Whole Farm Benefits from Holistic Approach
Waihopai Valley farmers Alison and Aiden Mackenzie believe that to farm well you have to farm whole.

That means farming to a triple bottom line of social, financial and environmental goals, say the Waihopai Valley farmers.

Holistic farming is simply about adopting a new way of looking at your operation, your goals, and your management says Aiden.

“Some people see it as something out of this world, but it is very simple and just a framework for decision making.”

The main point s to have a set of goals and know here you want to go, he says.  

“it makes you think and every decision you make is about taking you towards that direction.”

The Mackenzies discovered holistic farming four years ago, in what Aiden calls the worst financial year he had experienced.

The introductory course had a hefty price tag, so he decided to leave Alison at home, but was promptly told that in that case he should stay at home too.

That was lesson one, says Alison.

A good marriage is integral to a good farming operation and the first thing to break up a farm is a broken family, she says.

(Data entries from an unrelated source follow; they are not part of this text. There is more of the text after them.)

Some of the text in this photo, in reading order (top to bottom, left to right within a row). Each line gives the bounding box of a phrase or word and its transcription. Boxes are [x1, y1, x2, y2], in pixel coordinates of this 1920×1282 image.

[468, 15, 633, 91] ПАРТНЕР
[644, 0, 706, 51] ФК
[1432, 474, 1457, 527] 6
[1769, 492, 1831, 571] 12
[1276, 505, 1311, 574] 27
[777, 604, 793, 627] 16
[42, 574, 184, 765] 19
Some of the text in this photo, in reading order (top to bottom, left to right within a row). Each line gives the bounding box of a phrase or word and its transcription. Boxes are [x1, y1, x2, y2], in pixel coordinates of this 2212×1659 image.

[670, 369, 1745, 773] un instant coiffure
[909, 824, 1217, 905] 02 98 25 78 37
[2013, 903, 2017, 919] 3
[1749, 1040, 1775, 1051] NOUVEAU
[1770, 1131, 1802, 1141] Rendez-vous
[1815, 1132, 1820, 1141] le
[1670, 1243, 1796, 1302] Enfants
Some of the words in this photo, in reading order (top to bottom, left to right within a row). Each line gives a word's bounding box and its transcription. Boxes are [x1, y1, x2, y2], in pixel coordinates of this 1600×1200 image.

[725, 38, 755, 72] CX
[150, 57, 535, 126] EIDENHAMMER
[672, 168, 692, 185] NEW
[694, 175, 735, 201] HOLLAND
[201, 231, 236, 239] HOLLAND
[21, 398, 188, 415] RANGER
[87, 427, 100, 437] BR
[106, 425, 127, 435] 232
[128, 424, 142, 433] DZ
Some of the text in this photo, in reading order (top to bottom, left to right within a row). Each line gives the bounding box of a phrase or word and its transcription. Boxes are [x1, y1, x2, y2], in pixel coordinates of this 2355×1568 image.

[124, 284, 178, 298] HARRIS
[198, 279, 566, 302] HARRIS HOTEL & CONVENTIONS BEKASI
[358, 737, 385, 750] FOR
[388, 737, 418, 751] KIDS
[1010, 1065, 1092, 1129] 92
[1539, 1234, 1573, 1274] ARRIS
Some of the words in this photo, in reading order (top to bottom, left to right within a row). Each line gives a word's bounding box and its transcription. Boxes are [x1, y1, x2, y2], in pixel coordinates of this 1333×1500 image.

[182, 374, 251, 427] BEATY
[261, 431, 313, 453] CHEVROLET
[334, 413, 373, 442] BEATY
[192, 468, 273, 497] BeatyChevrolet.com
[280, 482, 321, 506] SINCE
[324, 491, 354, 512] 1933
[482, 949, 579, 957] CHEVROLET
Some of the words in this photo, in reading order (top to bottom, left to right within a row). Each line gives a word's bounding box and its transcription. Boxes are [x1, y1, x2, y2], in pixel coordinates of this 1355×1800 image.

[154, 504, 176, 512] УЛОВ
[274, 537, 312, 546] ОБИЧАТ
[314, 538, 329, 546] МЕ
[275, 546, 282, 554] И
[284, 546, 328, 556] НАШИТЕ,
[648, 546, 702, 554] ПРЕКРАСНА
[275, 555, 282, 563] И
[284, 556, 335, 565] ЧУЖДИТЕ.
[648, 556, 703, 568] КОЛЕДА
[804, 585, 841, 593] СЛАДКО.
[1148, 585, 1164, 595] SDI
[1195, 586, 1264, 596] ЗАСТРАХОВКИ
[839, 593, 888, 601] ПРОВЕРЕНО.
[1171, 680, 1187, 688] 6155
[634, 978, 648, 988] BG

Going to the meeting as a couple they soon worked out that their goals were the dsame as everbody else’s, she says.

Happy families, healthy relationships, and a good well looked after environment, were not unusual aspirations.

At the end of the day, everyone wants the same thing”.

Aiden says holistic management has taught him a lot about the power of the mind.

People are “very much stuck in their mind set”, he says and moving towards holistic management had forced him to think in a different way.

A major break away from normal farming was to put his profit at the top of his budget rather than at the bottom.

Don’t be satisfied with what is left over, but work out how much you want and take it from there, he says.

His comments may raise a number of eyebrows, including those of his accountant, but farming whole has improved things a whole lot for the Mackenzies he says.

The Holistic Decision Making Association will a seminar on meeting the challenge of making a profit at Lincoln University on August 14 and 14.